= Chichila Rural Municipality =

Rural municipality in Koshi Province, Nepal

Chichila (चिचिला गाउँपालिका) is a rural municipality (gaunpalika) out of five rural municipality located in Sankhuwasabha District of Koshi Province of Nepal. There are a total of 10 municipalities in Sankhuwasabha in which 5 are urban and 5 are rural.

According to Ministry of Federal Affairs and Local Development Chichila has an area of 88.63 km2 and the total population of the municipality is 7065 as of Census of Nepal 2011.

Diding and Matsyapokhari which previously were all separate Village development committee merged to form this new local level body.
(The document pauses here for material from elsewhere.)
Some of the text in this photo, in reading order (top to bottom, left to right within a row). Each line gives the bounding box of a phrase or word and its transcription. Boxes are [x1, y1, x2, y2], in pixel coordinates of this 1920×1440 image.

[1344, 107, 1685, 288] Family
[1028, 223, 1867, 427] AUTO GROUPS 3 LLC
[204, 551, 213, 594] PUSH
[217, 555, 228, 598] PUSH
Fulfilling the requirement of the new Constitution of Nepal 2015, Ministry of Federal Affairs and Local Development replaced all old VDCs and Municipalities into 753 new local level body (Municipality).

The rural municipality is divided into total 5 wards and the headquarter of this newly formed rural municipality is situated in Diding.

==Demographics==
At the time of the 2011 Nepal census, Chichila Rural Municipality had a population of 7,065. Of these, 29.5% spoke Nepali, 14.6% Gurung, 10.9% Yamphu, 10.7% Lohorung, 9.9% Sherpa, 5.1% Kulung, 4.2% Khaling, 3.9% Thulung, 2.3% Rai, 1.1% Yakkha, 1.0% Bahing, 1.0% Chamling, 1.0% Dumi, 0.9% Mewahang, 0.8% Sampang, 0.6% Tamang, 0.5% Nachhiring, 0.2% Maithili, 0.2% Magar, 0.2% Sanskrit and 1.5% other languages as their first language.
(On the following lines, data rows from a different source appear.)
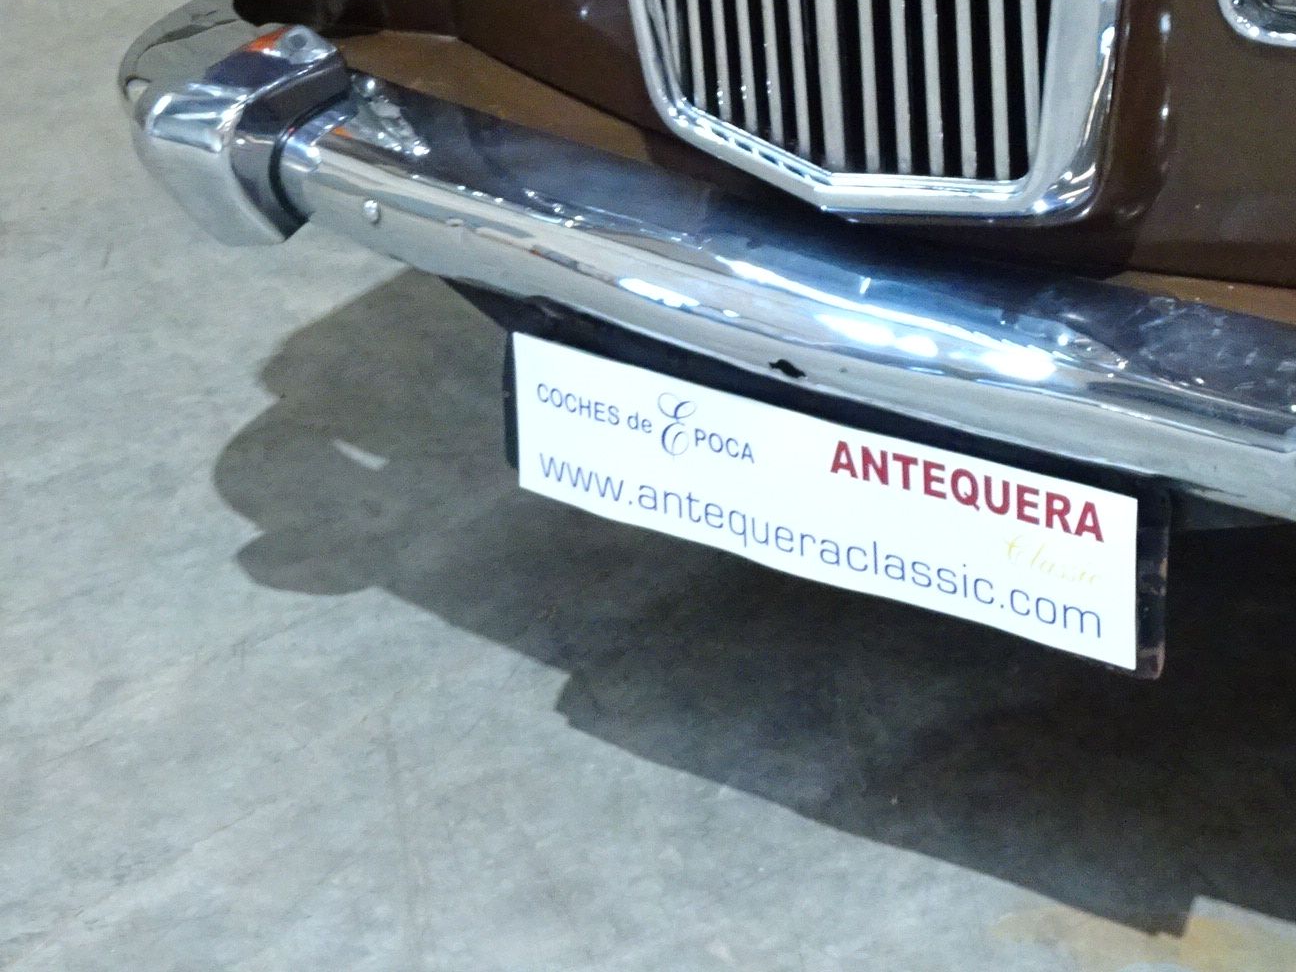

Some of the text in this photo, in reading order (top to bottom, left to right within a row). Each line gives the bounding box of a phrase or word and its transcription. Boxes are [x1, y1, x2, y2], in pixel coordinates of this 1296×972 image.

[537, 383, 620, 425] COCHES
[627, 412, 652, 434] de
[830, 440, 1104, 543] ANTEQUERA
[539, 452, 1101, 638] www.antequeraclassic.com
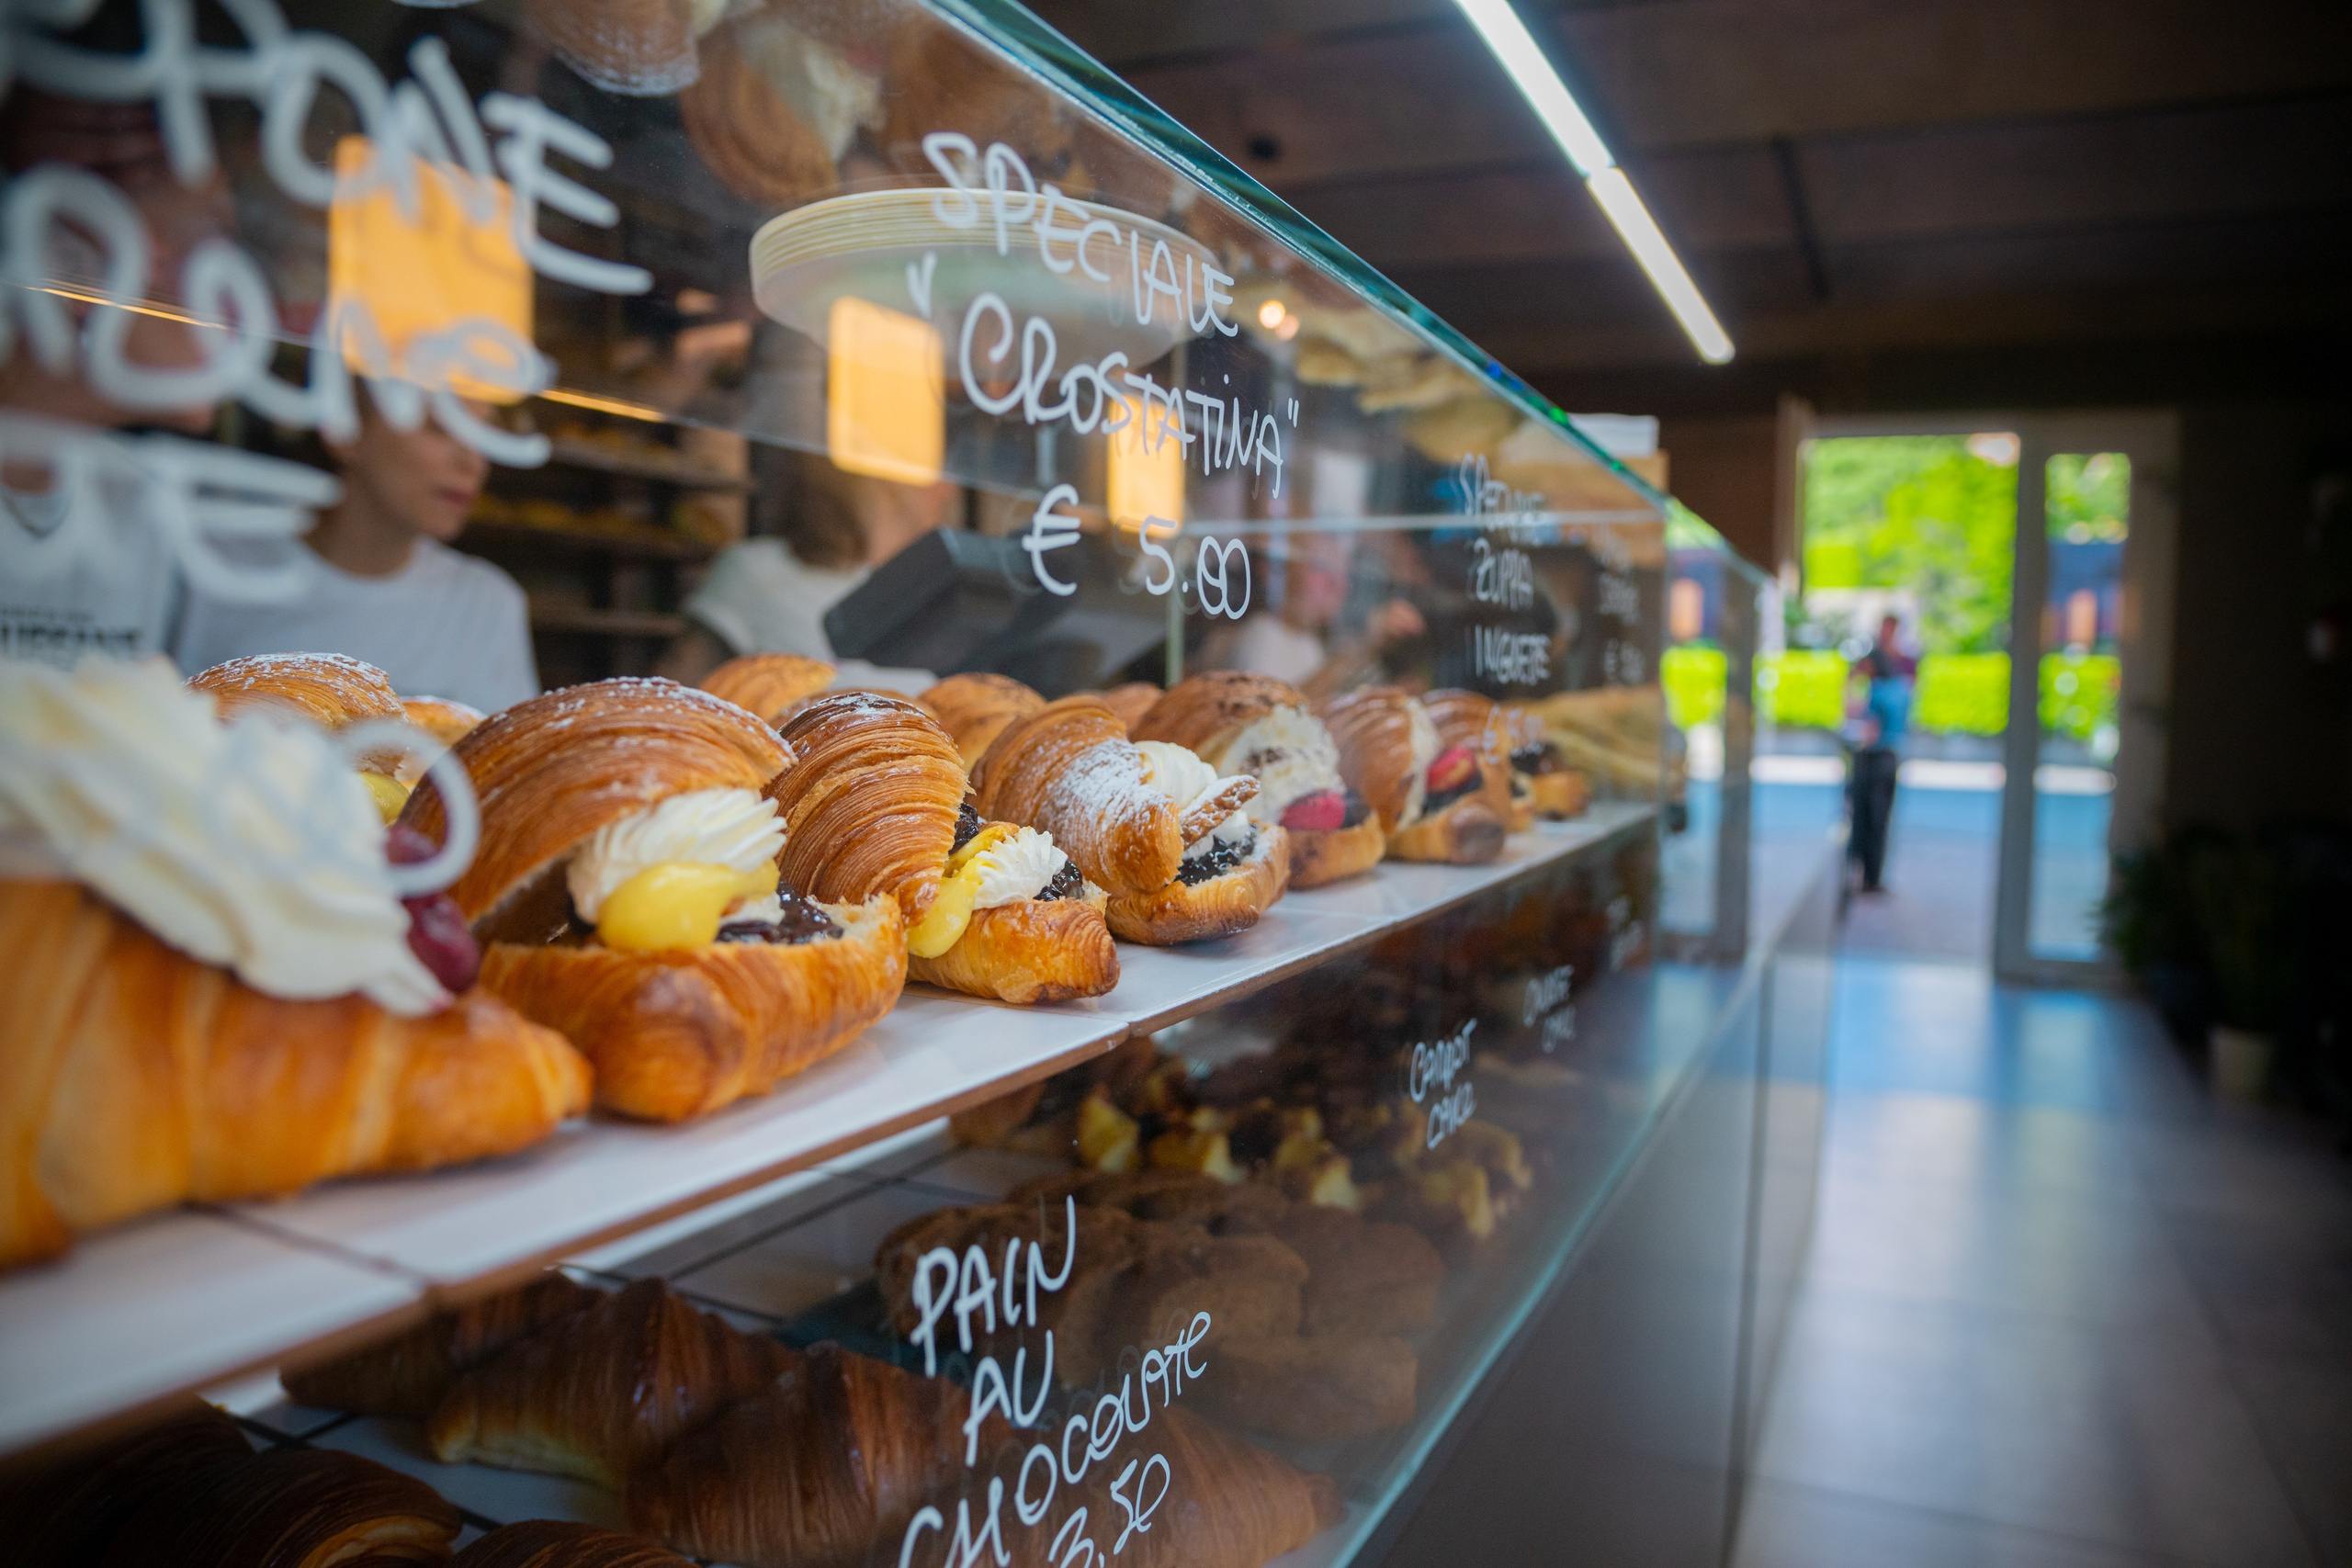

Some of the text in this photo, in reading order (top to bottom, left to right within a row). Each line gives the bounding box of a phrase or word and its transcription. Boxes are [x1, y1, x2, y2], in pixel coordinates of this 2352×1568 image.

[923, 131, 1238, 338] SPECIALE
[1023, 483, 1082, 596] €
[910, 1194, 1076, 1377] PAIN
[963, 1329, 1055, 1467] AU
In terms of ethnicity/caste, 25.1% were Rai, 25.0% Gurung, 10.5% Yamphu, 9.9% Sherpa, 7.9% Lohorung, 3.9% Thulung, 3.2% Kami, 2.8% Kulung, 2.3% Chhetri, 1.8% Damai/Dholi, 1.4% Khaling, 1.3% Mewahang Bala, 1.2% Tamang, 1.1% Hill Brahmin, 0.6% Bahing, 0.4% Yakkha, 0.3% Limbu, 0.3% Magar, 0.3% Nachhiring, 0.2% Bhote and 0.7% others.

In terms of religion, 49.5% were Kirati, 36.1% Buddhist, 12.9% Hindu, 1.2% Christian and 0.3% others.

In terms of literacy, 70.7% could read and write, 3.4% could only read and 25.9% could neither read nor write.